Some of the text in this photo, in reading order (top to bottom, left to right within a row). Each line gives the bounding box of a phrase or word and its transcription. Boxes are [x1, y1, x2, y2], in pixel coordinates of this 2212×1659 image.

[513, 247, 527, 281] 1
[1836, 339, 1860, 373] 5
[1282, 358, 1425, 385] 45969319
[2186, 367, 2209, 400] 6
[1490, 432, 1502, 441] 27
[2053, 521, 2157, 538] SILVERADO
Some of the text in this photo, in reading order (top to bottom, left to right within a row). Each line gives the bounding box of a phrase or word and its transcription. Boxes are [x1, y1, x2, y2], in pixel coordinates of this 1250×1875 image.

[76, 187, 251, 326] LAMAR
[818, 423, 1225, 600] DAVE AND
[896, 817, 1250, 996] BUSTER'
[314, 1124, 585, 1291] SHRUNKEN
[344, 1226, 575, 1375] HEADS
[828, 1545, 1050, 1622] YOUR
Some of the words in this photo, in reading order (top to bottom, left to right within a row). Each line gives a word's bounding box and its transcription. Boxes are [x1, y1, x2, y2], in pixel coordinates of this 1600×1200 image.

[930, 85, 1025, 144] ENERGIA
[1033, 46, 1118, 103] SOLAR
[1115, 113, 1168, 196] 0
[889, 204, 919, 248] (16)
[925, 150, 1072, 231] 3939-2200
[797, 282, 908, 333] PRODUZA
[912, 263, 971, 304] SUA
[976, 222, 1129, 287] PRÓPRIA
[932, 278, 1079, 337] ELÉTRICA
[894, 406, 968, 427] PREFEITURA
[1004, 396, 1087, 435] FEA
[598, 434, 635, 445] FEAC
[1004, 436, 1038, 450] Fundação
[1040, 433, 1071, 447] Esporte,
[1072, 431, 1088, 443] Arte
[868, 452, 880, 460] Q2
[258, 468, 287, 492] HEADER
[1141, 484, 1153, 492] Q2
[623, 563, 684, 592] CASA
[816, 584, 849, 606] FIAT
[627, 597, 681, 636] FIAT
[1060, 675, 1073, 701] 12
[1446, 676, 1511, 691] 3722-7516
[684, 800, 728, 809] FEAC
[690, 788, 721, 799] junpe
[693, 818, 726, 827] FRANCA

=== ABOUT THIS TASK ===
Set down exactly the lines beginning at the one that holds "Some of the words" and ending with the last line of the data.

=== OUTPUT ===
Some of the words in this photo, in reading order (top to bottom, left to right within a row). Each line gives a word's bounding box and its transcription. Boxes are [x1, y1, x2, y2], in pixel coordinates of this 1600×1200 image.

[930, 85, 1025, 144] ENERGIA
[1033, 46, 1118, 103] SOLAR
[1115, 113, 1168, 196] 0
[889, 204, 919, 248] (16)
[925, 150, 1072, 231] 3939-2200
[797, 282, 908, 333] PRODUZA
[912, 263, 971, 304] SUA
[976, 222, 1129, 287] PRÓPRIA
[932, 278, 1079, 337] ELÉTRICA
[894, 406, 968, 427] PREFEITURA
[1004, 396, 1087, 435] FEA
[598, 434, 635, 445] FEAC
[1004, 436, 1038, 450] Fundação
[1040, 433, 1071, 447] Esporte,
[1072, 431, 1088, 443] Arte
[868, 452, 880, 460] Q2
[258, 468, 287, 492] HEADER
[1141, 484, 1153, 492] Q2
[623, 563, 684, 592] CASA
[816, 584, 849, 606] FIAT
[627, 597, 681, 636] FIAT
[1060, 675, 1073, 701] 12
[1446, 676, 1511, 691] 3722-7516
[684, 800, 728, 809] FEAC
[690, 788, 721, 799] junpe
[693, 818, 726, 827] FRANCA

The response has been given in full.